Study: Biotech Corn Kills Monarch
Cris Guppy & Aud Fischer
cguppy at quesnelbc.com
Tue Aug 22 22:36:12 EDT 2000
Paul,
Your example is entirely true, and well known. However it is also not
relevant to the present discussion because the "pesticide" (Bt pollen) was
placed on the plants under "wild" conditions. And yes, perhaps there are
"Big, subtle differences that may be too complex to ever fully understand."
But is there not a need for proof of that statement, rather than assumption,
before rejecting the result from a published study?
Paul Cherubini wrote:
Big, subtle differences that may be too complex to ever fully understand.

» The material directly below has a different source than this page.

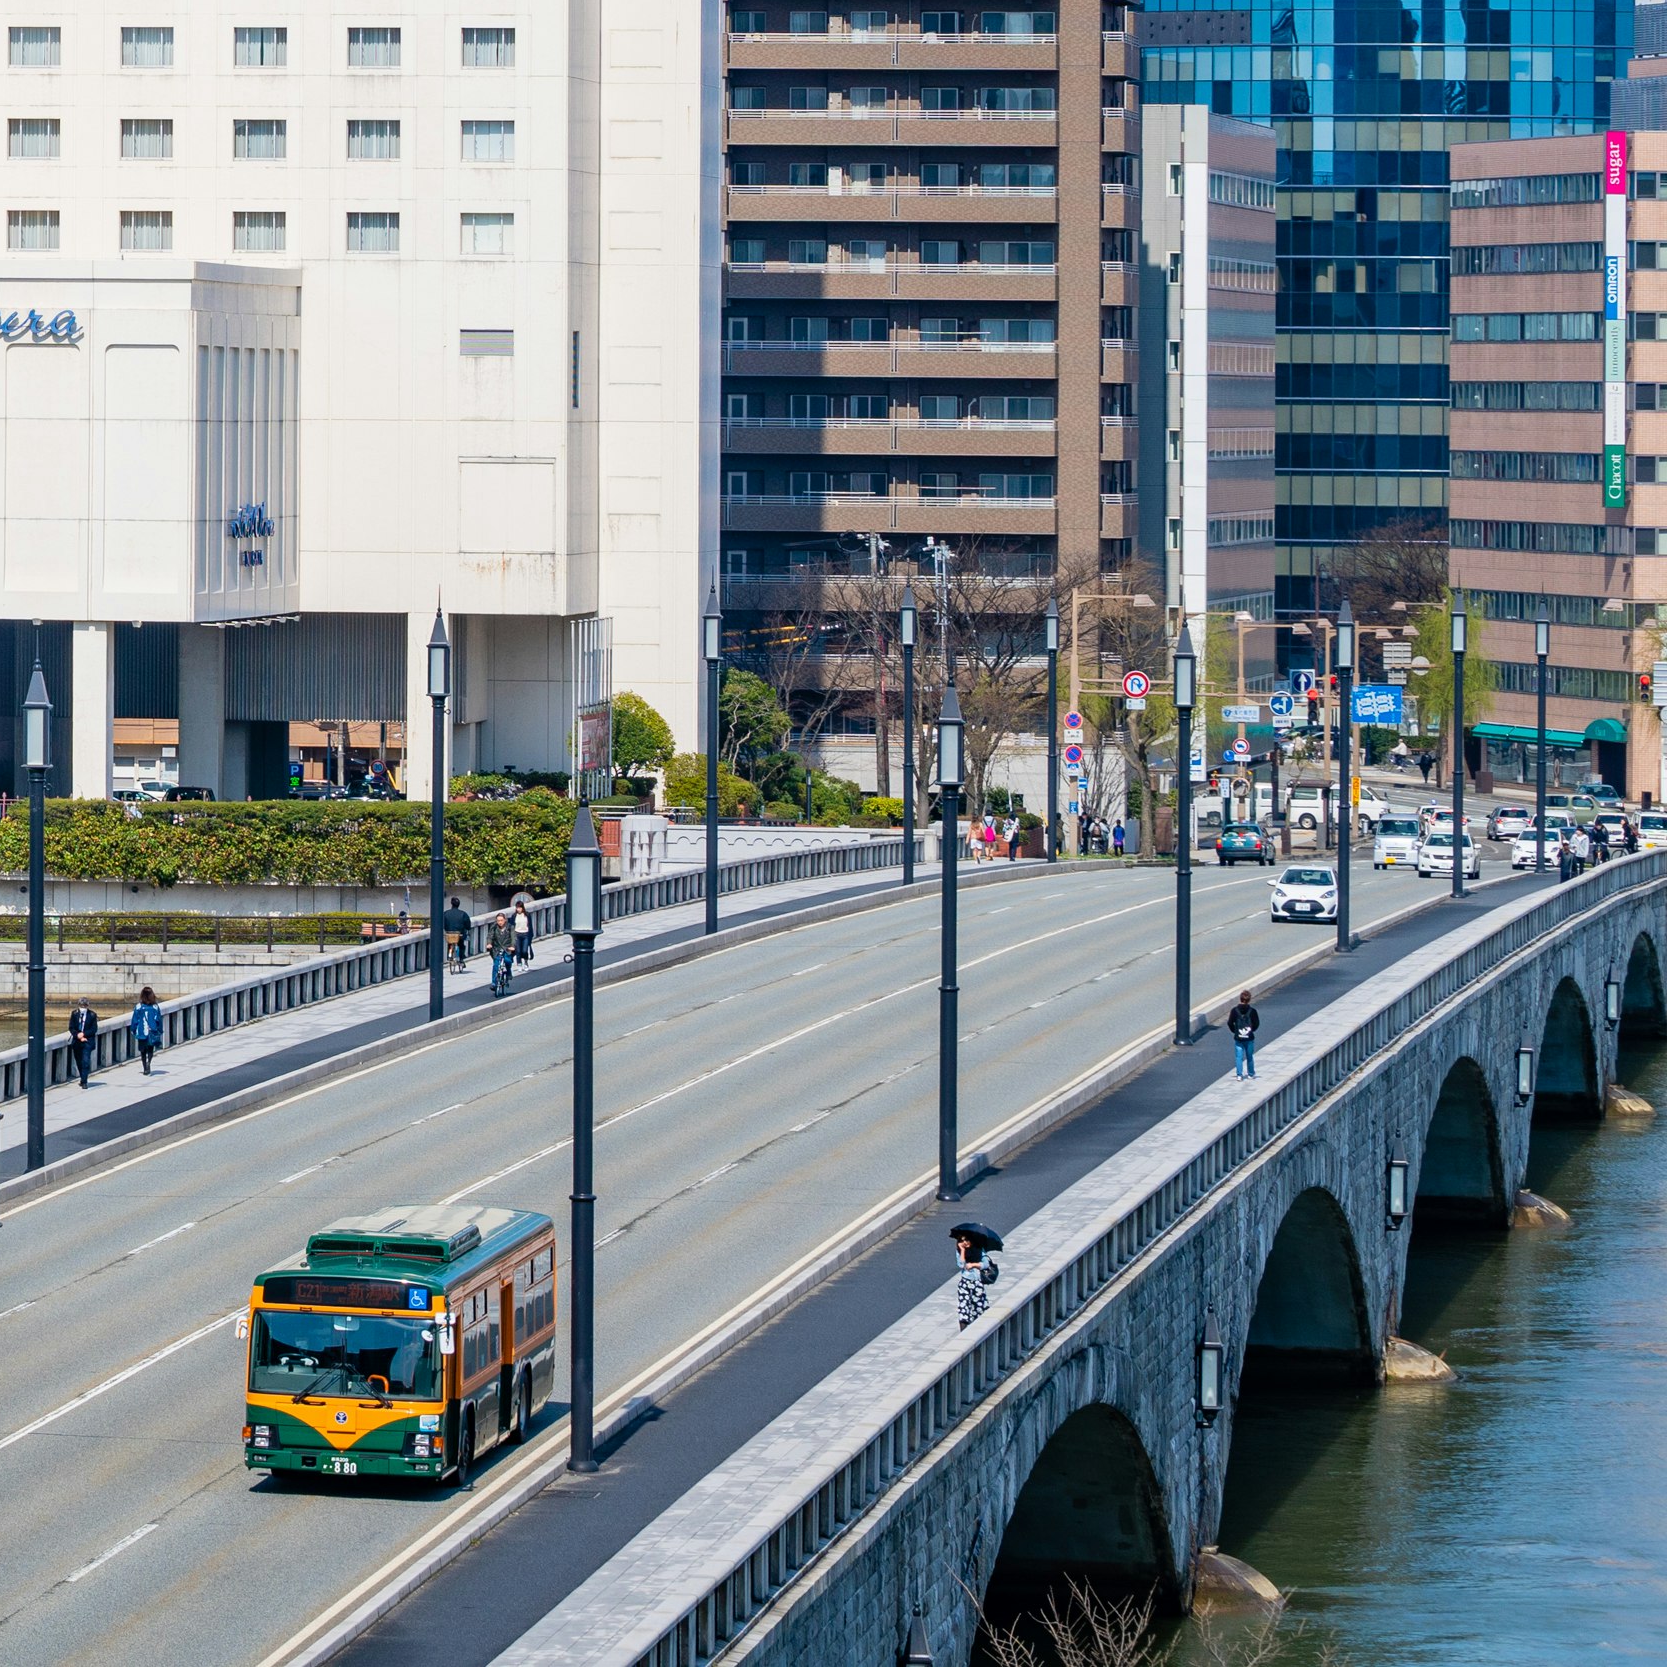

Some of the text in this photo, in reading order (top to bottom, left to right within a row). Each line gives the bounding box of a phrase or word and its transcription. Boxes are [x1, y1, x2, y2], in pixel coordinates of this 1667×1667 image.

For example, farmers and pesticide applicators know there are big
predictable differences in the effectiveness of different insecticides even
if they are both be applied to the same field at the same rate. One might
give a 25% kill. Another 75%. Yet both give a 100% kill in the laboratory.
Cris Guppy wrote:
Paul seems to be creating an concern with experimental design where none
really exists. In the wild "natural" caterpillars have no more choice in
what they will eat than do caterpillars placed by humans on a plant. The
caterpillar's mother places the caterpillar, in the form of an egg, on a
plant and the caterpillar is then forced to eat that plant (and the pollen
on it) or starve. What difference is there between that and a human placing
the caterpillar on a plant?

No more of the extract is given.